*Exercise aim*: Restate each of the lines below word for word and drop every picture.
===== Records supplied =====
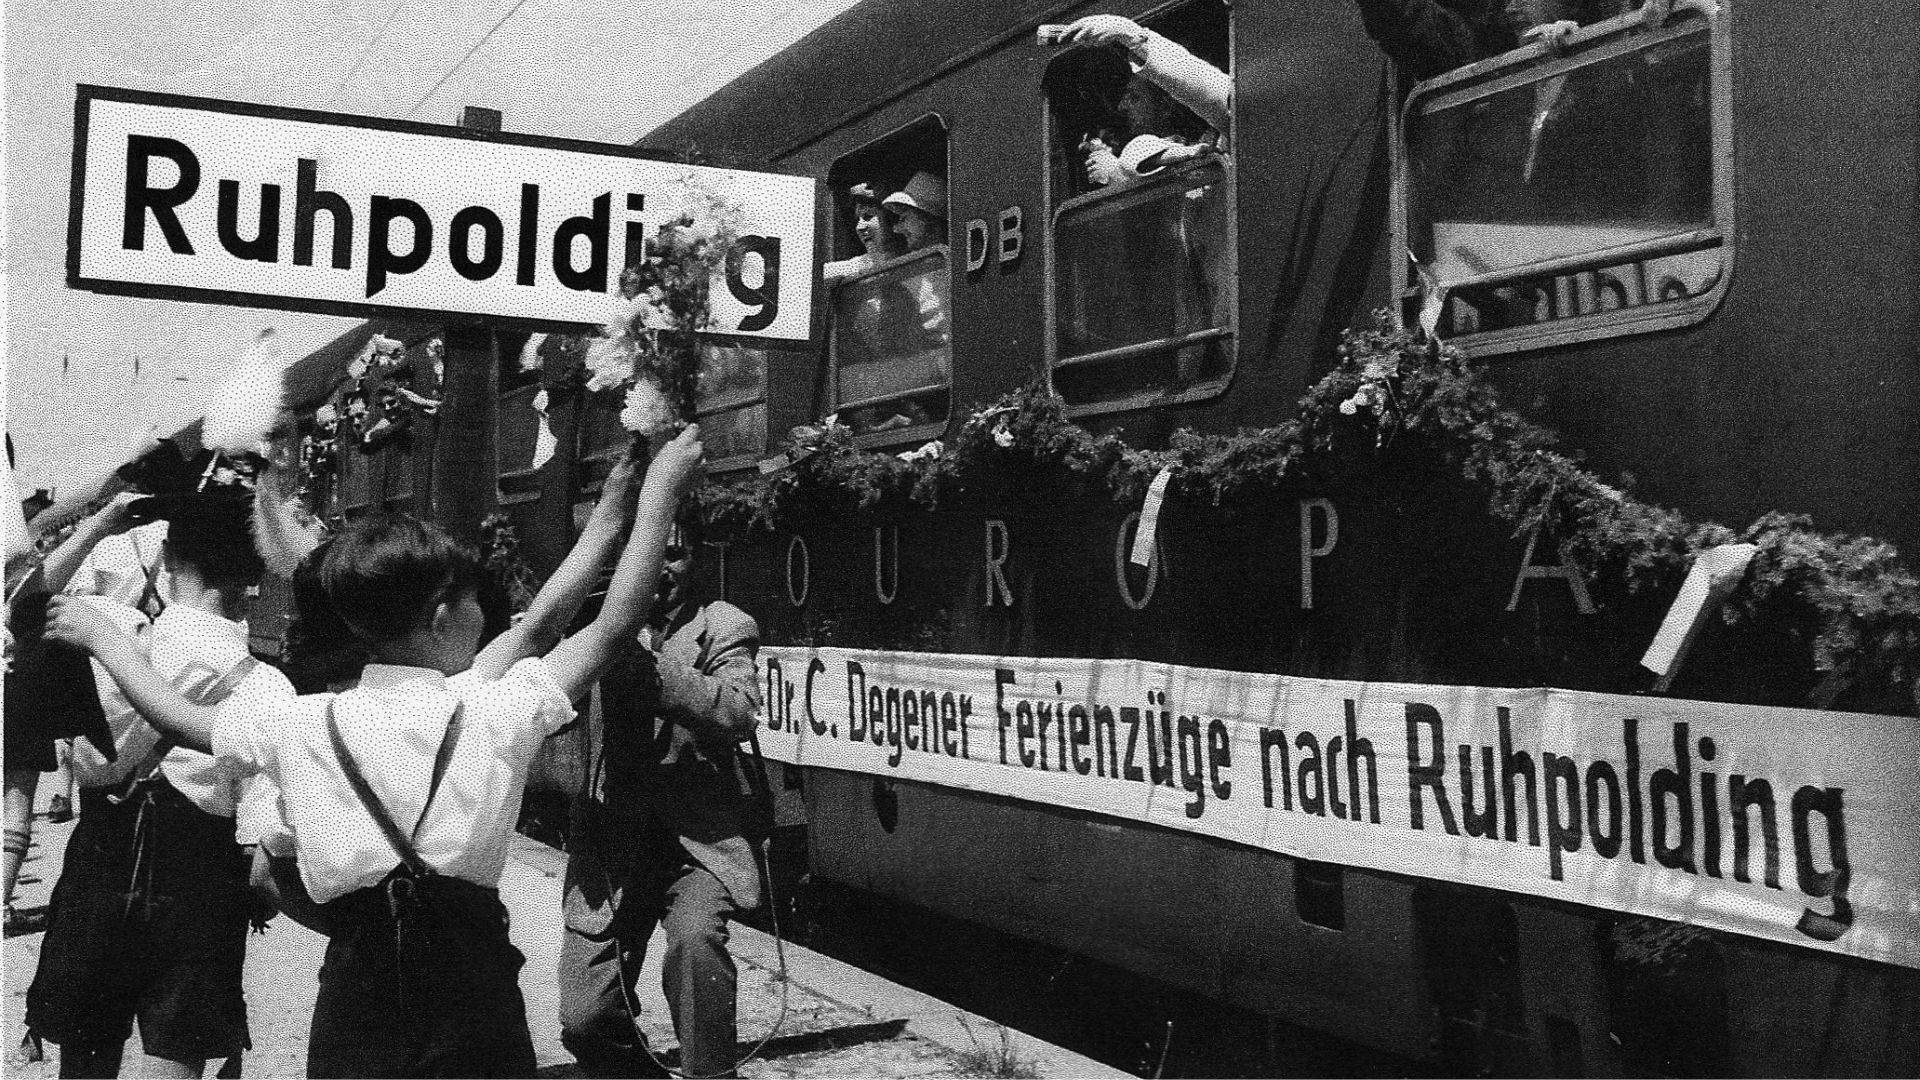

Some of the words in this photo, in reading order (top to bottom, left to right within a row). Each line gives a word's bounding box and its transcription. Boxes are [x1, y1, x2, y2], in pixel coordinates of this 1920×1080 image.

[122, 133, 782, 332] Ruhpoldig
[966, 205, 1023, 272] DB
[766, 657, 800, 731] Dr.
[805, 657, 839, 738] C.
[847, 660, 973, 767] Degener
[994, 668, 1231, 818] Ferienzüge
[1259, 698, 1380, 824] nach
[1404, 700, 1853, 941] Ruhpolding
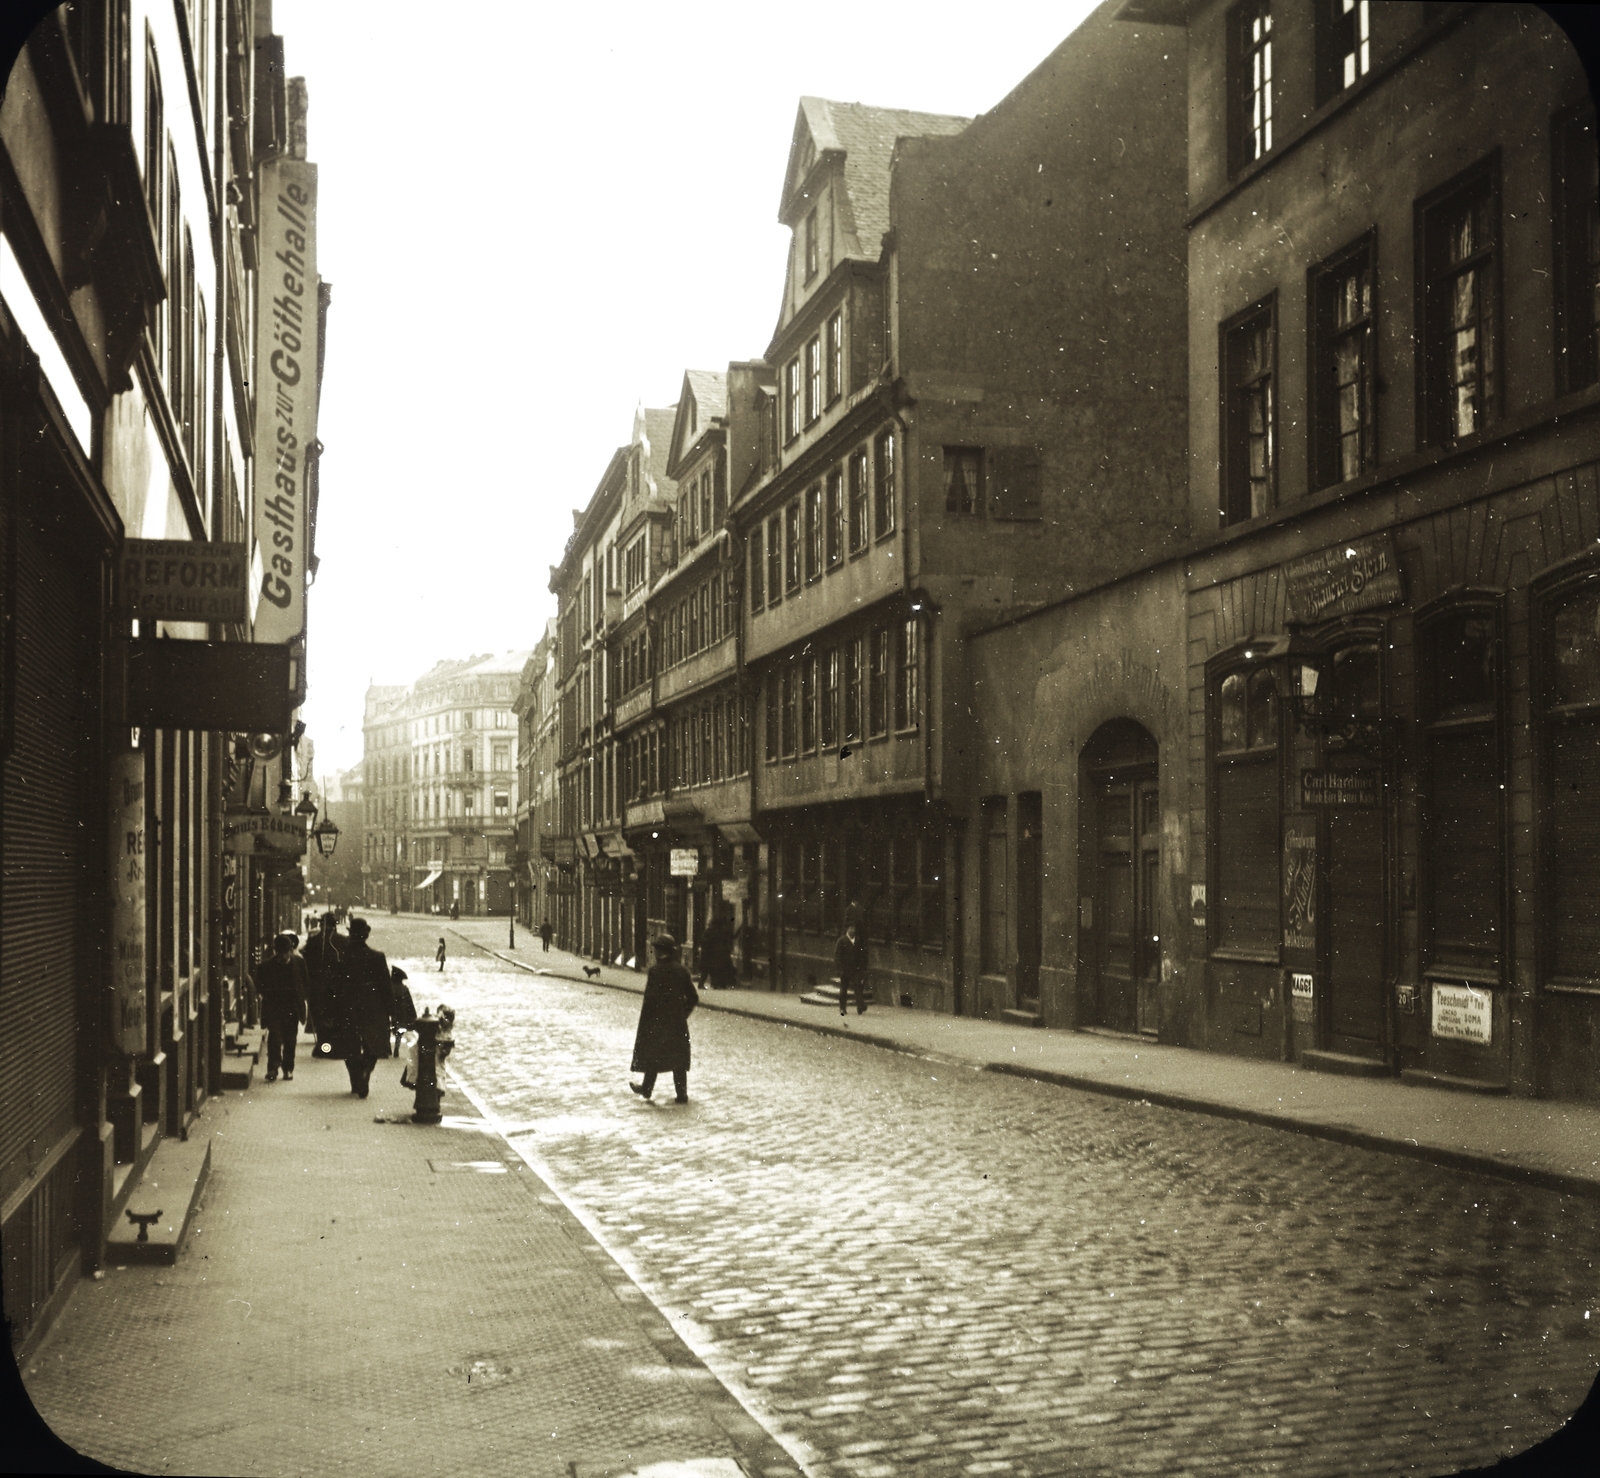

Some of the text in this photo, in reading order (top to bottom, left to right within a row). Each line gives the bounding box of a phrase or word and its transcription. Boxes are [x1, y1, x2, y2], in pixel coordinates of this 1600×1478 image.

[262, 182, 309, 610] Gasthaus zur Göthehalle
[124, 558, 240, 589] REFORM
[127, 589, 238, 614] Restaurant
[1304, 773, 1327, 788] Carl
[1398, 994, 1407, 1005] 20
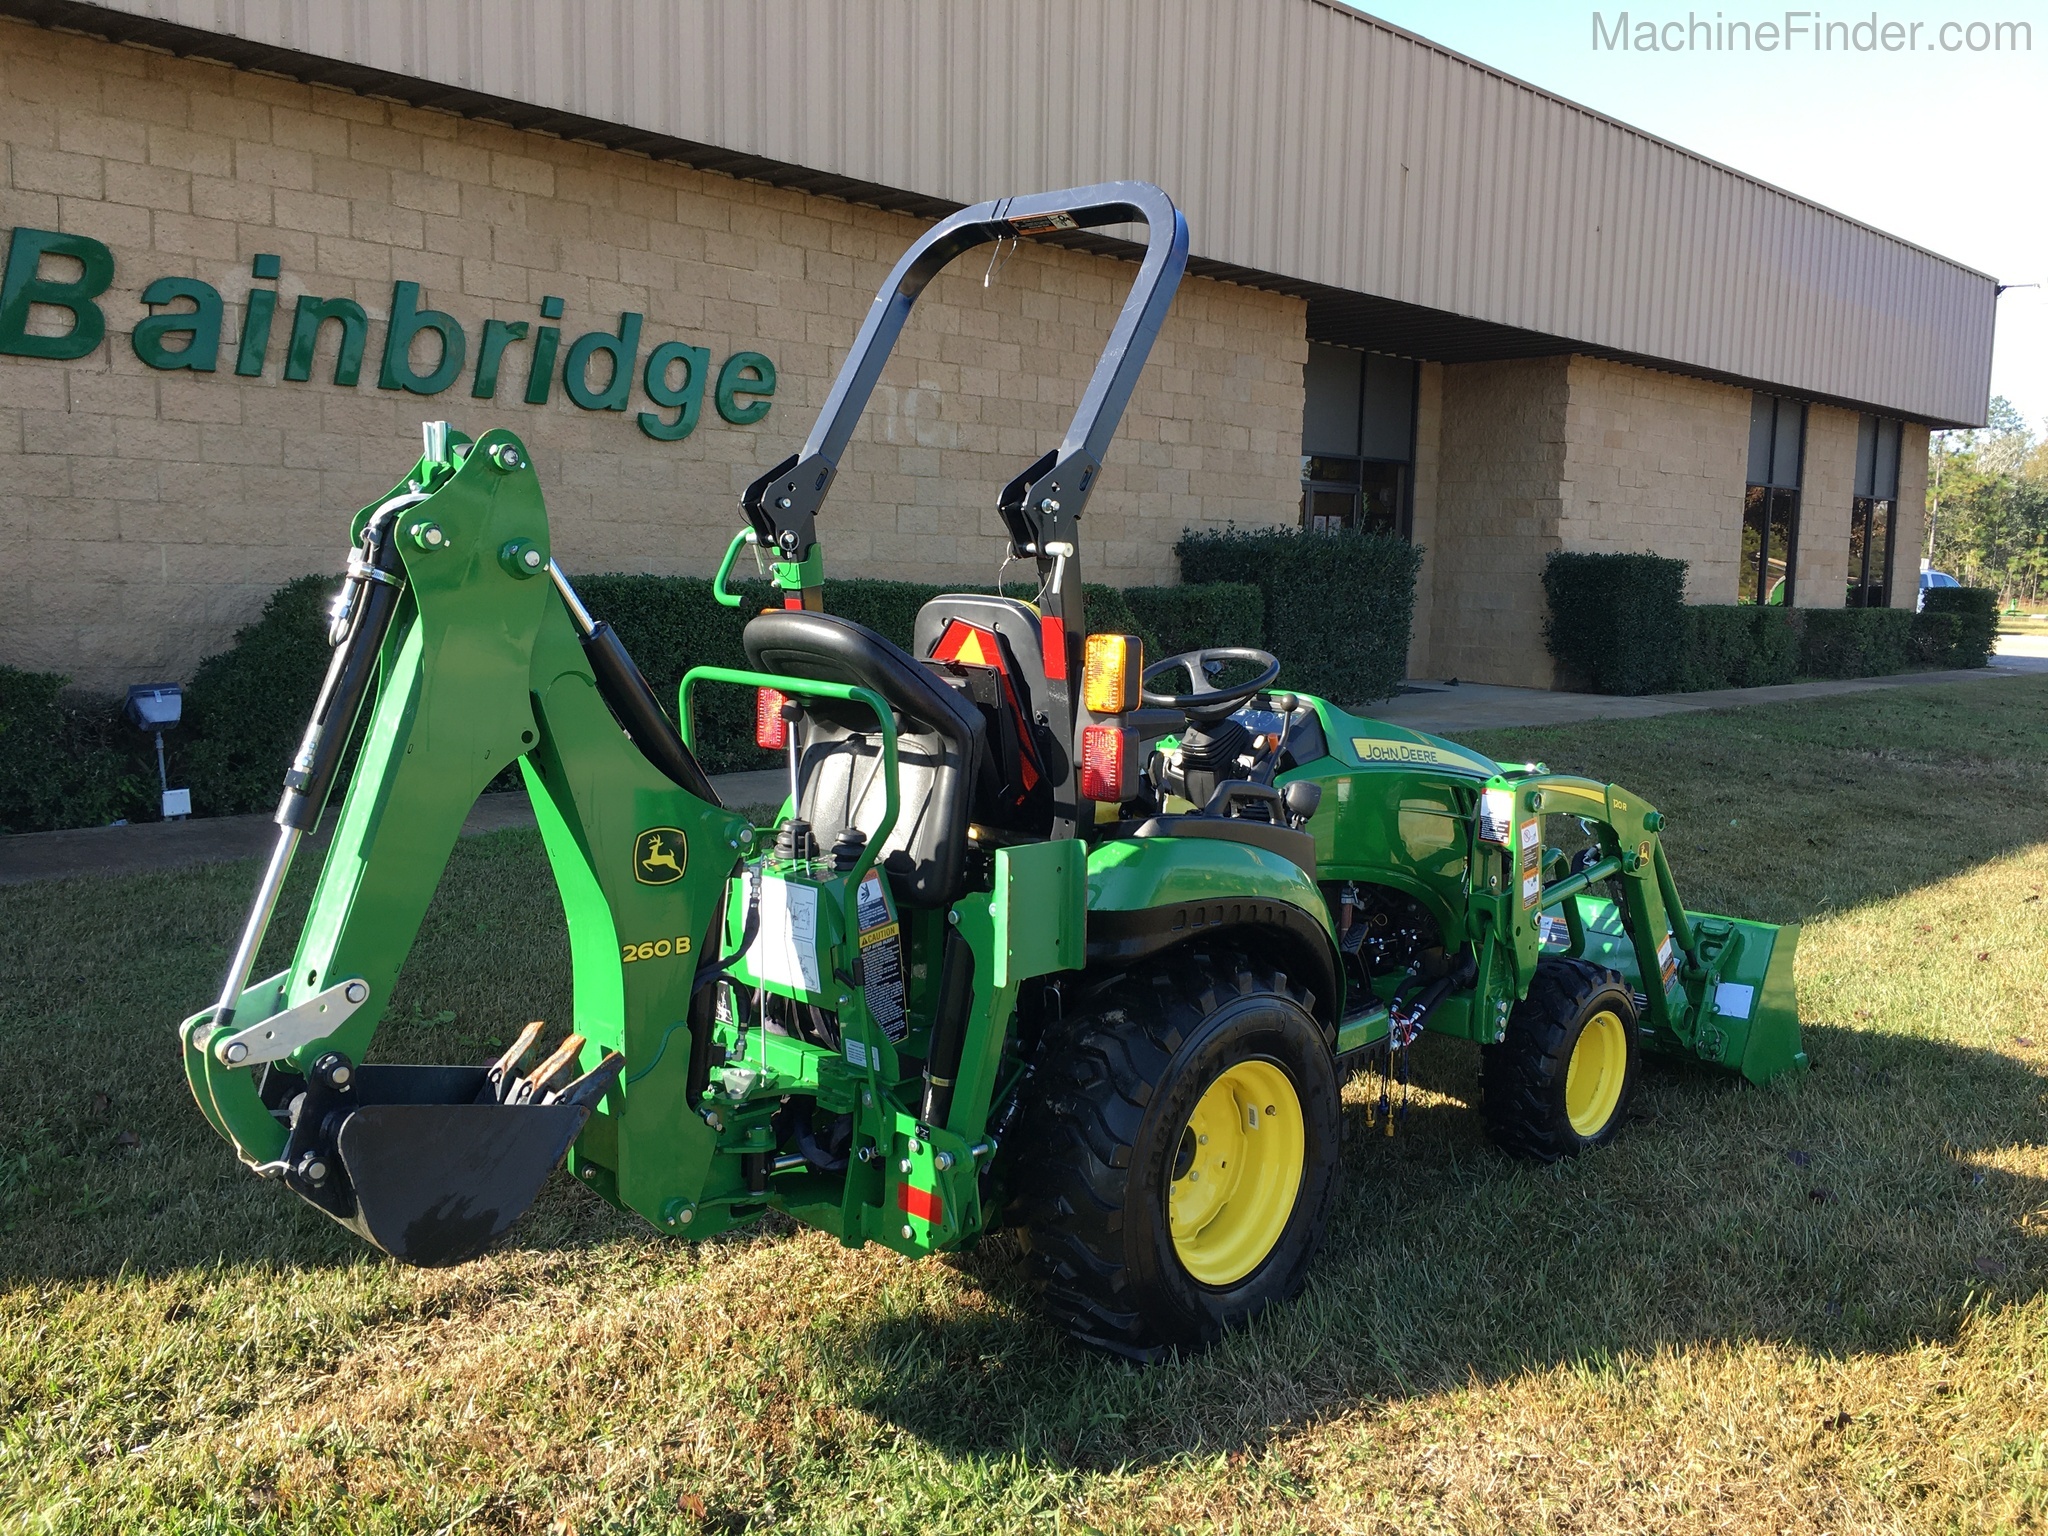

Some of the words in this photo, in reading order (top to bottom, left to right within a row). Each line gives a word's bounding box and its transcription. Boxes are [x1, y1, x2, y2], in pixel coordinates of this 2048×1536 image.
=====
*Written response*:
Some of the words in this photo, in reading order (top to bottom, left to right within a row). Each line gives a word's bounding box and its transcription. Boxes are [x1, y1, x2, y2], in pixel coordinates of this 1920×1080 image.

[122, 133, 782, 332] Ruhpoldig
[966, 205, 1023, 272] DB
[766, 657, 800, 731] Dr.
[805, 657, 839, 738] C.
[847, 660, 973, 767] Degener
[994, 668, 1231, 818] Ferienzüge
[1259, 698, 1380, 824] nach
[1404, 700, 1853, 941] Ruhpolding

Some of the text in this photo, in reading order (top to bottom, left to right within a row). Each line gives the bounding box of a phrase or word and its transcription. Boxes are [x1, y1, x2, y2], in pixel coordinates of this 1600×1478 image.

[262, 182, 309, 610] Gasthaus zur Göthehalle
[124, 558, 240, 589] REFORM
[127, 589, 238, 614] Restaurant
[1304, 773, 1327, 788] Carl
[1398, 994, 1407, 1005] 20

Some of the words in this photo, in reading order (top to bottom, left to right within a row). Each line gives a word's bounding box and its transcription. Boxes are [x1, y1, x2, y2], in pixel coordinates of this 2048×1536 image.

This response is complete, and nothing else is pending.